Permission is granted to anyone to use this software for any purpose,
including commercial applications, and to alter it and redistribute it
freely, subject to the following restrictions:
1. The origin of this software must not be misrepresented; you must not
claim that you wrote the original software. If you use this software
in a product, an acknowledgment in the product documentation would be
appreciated but is not required.
2. Altered source versions must be plainly marked as such, and must not be
misrepresented as being the original software.
3. This notice may not be removed or altered from any source distribution.
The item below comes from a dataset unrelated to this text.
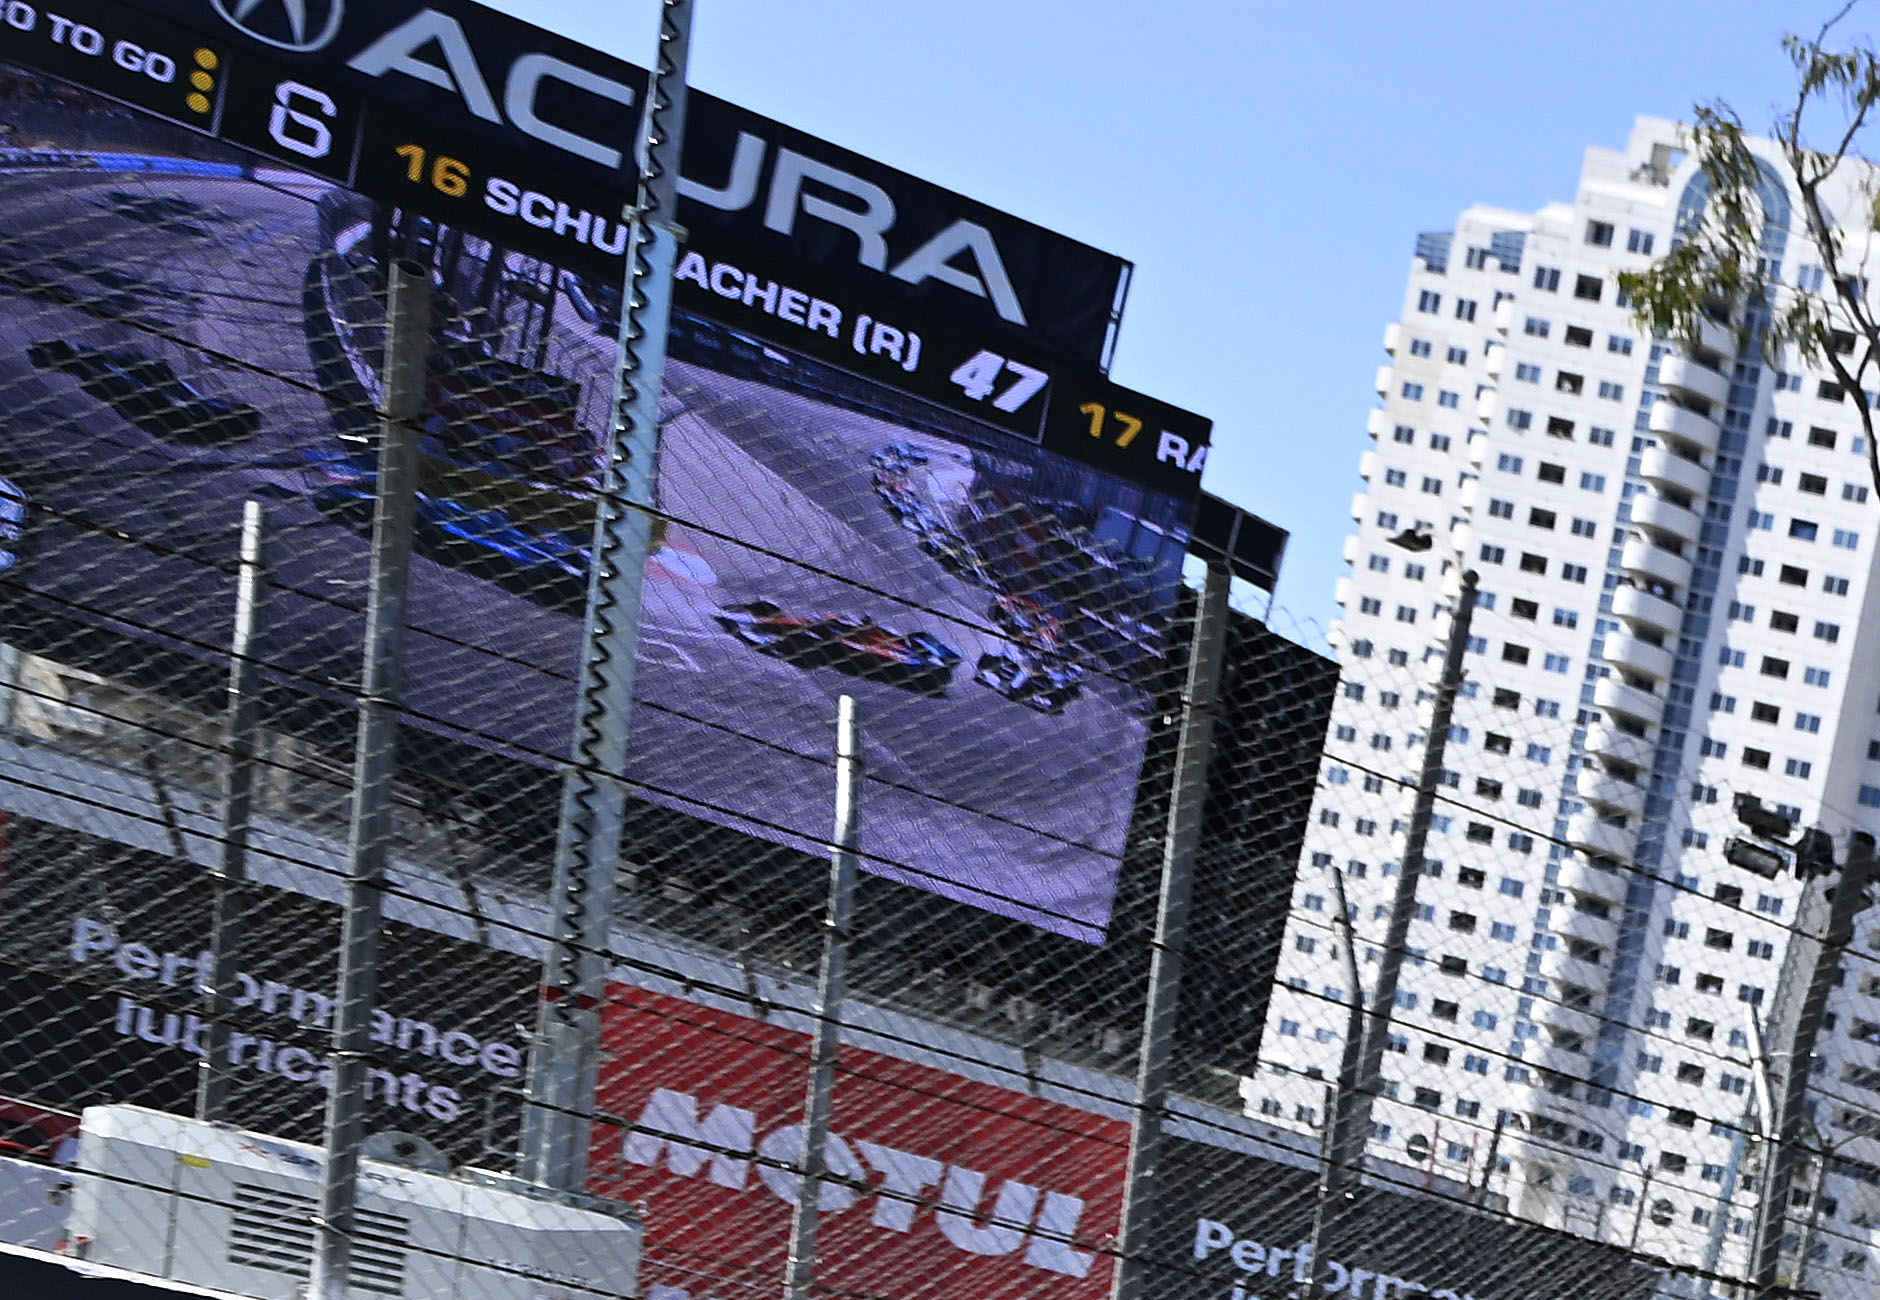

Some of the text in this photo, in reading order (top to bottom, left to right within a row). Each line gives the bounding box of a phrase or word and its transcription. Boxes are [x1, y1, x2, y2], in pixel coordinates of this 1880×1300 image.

Mark Adler madler@alumni.caltech.edu
*/
/*
* Change history:
*
* 1.0 11 Dec 2004 - First version
*/
/*
gzjoin takes one or more gzip files on the command line and writes out a
single gzip file that will uncompress to the concatenation of the
uncompressed data from the individual gzip files. gzjoin does this without
having to recompress any of the data and without having to calculate a new
crc32 for the concatenated uncompressed data. gzjoin does however have to
decompress all of the input data in order to find the bits in the compressed
data that need to be modified to concatenate the streams.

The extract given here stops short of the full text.